[Data excerpts]
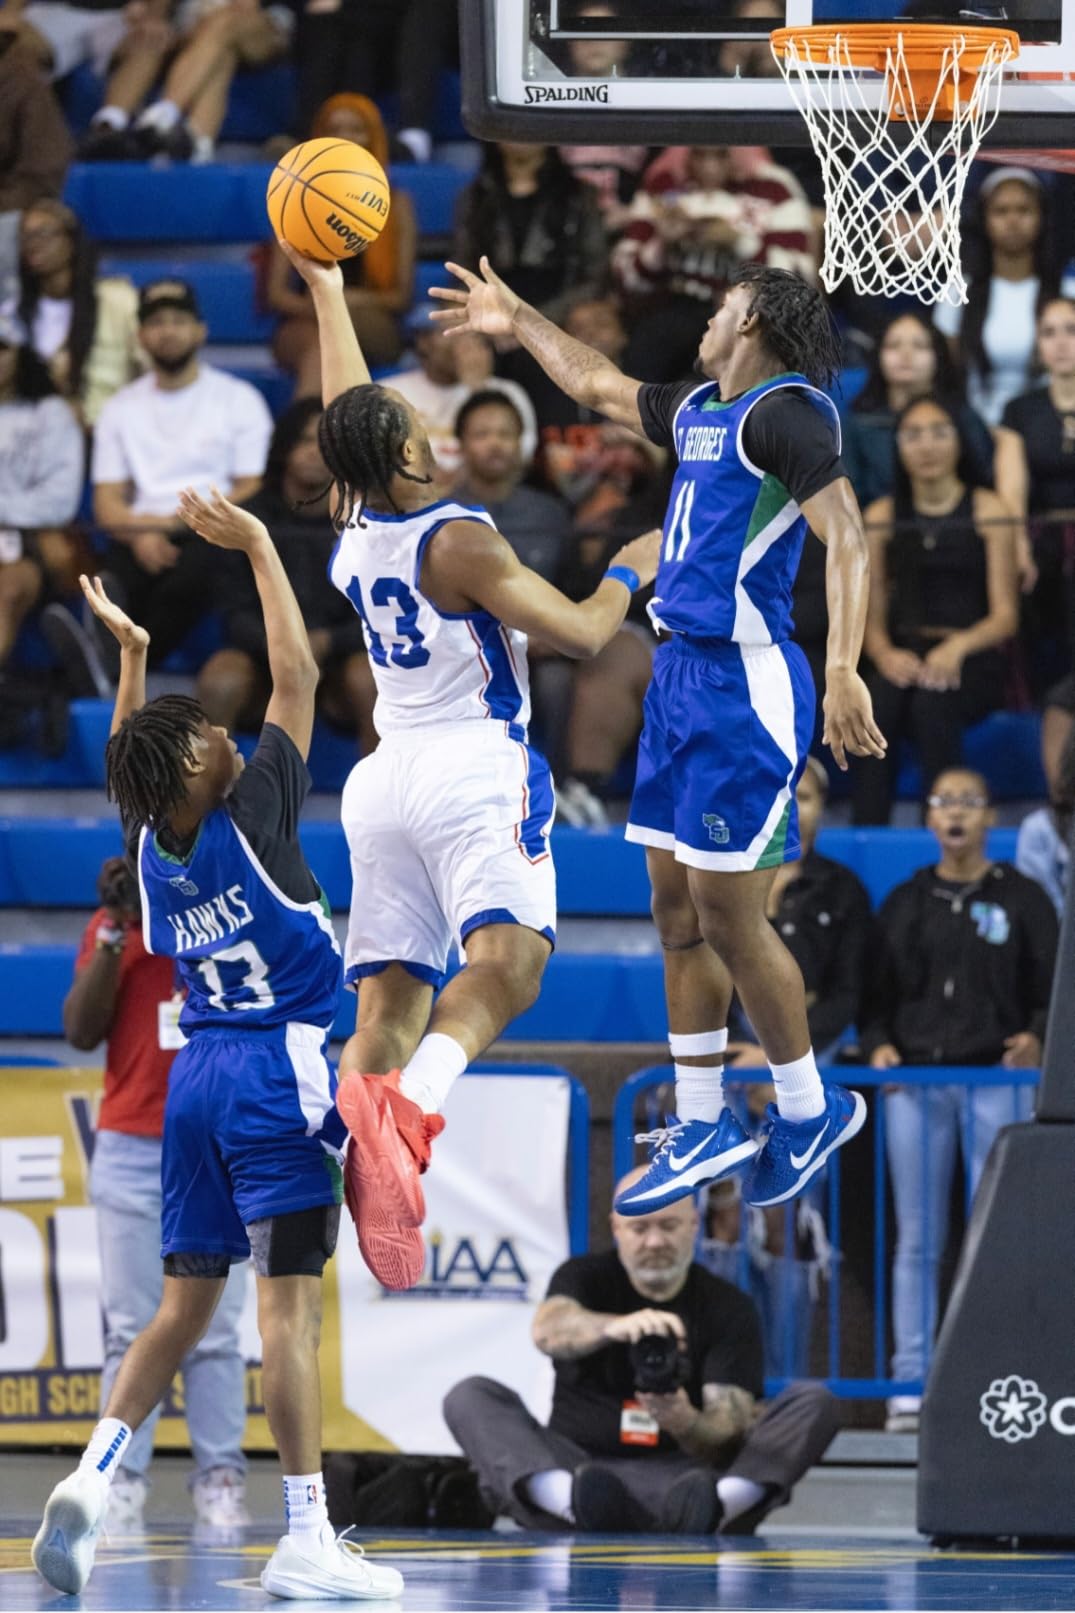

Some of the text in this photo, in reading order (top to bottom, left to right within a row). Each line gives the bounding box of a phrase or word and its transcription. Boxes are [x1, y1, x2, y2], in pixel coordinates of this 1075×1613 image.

[524, 84, 608, 104] SPALDING
[326, 212, 370, 254] ilson
[683, 426, 728, 462] GEORGES
[664, 479, 696, 563] 11
[345, 575, 431, 670] 13
[167, 884, 254, 953] HAWKS
[198, 940, 276, 1012] 13
[427, 1231, 528, 1283] IAA

#### What is required
All the records need to be printed again exactly as written, though without their pictures.

#### Solution for this problem
Some of the text in this photo, in reading order (top to bottom, left to right within a row). Each line gives the bounding box of a phrase or word and its transcription. Boxes are [x1, y1, x2, y2], in pixel coordinates of this 1075×1613 image.

[524, 84, 608, 104] SPALDING
[326, 212, 370, 254] ilson
[683, 426, 728, 462] GEORGES
[664, 479, 696, 563] 11
[345, 575, 431, 670] 13
[167, 884, 254, 953] HAWKS
[198, 940, 276, 1012] 13
[427, 1231, 528, 1283] IAA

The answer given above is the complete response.